Diverse fibroblasts build the alveolar scaffold. A: the electron micrograph shows the ultrastructure of an alveolar septae from the adult mouse lung. Most of the alveolar surface is covered by AT1 epithelial cell(s). Gas exchange occurs across the AT1-endothelial interface with alveolar capillaries. Matrix-, lipo-, and myofibroblasts are seen in the septal wall. A collagen-elastin bundle (matrix) is seen at the septal tip. B and C: confocal imaging of the mouse lung (PND3) is shown after injection with isolectin B4 visualizing endothelial cells of the alveolar capillary network. Surfaces of the alveoli were rendered from confocal images after staining the endothelium with isolectin B4 lectin after acquisition at 585–635 nm (green).

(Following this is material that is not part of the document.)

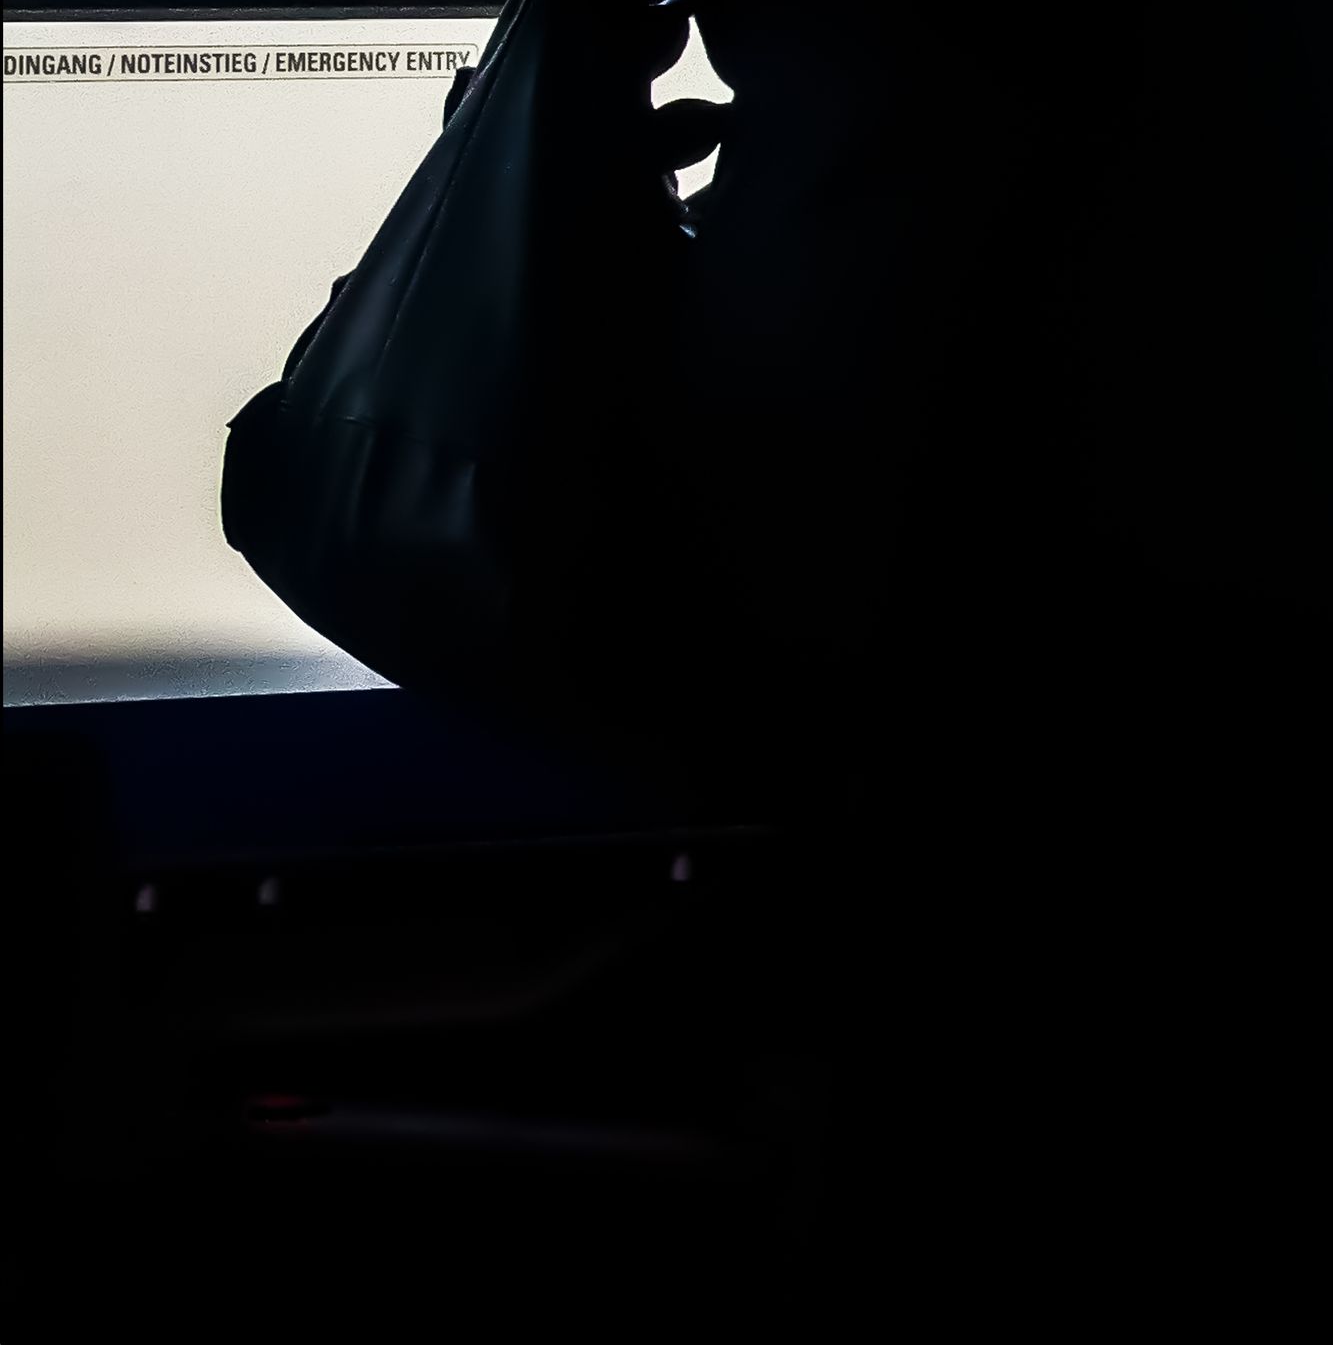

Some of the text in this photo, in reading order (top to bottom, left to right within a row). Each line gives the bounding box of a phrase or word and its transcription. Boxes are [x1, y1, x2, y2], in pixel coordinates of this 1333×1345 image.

[4, 50, 470, 76] DINGANG / NOTEINSTIEG / EMERGENCY ENTRY

Second harmonic imaging shows collagen bundles in red. (Figure courtesy of Dr. Matt Kofron, used with permission).

FIGURE 18.

A predicted transcriptional network regulating differentiation of the pulmonary mesenchyme. A predicted mesenchymal cell gene regulatory network consists of representative transcription factors (green), signaling molecules (orange), and target genes (yellow). Regulatory relationships between key transcriptional regulators and signaling predicted targets were identified through literature mining using the Ingenuity knowledge database. Solid lines indicate direct regulatory relationships. Dashed lines indicate indirect regulatory relationships.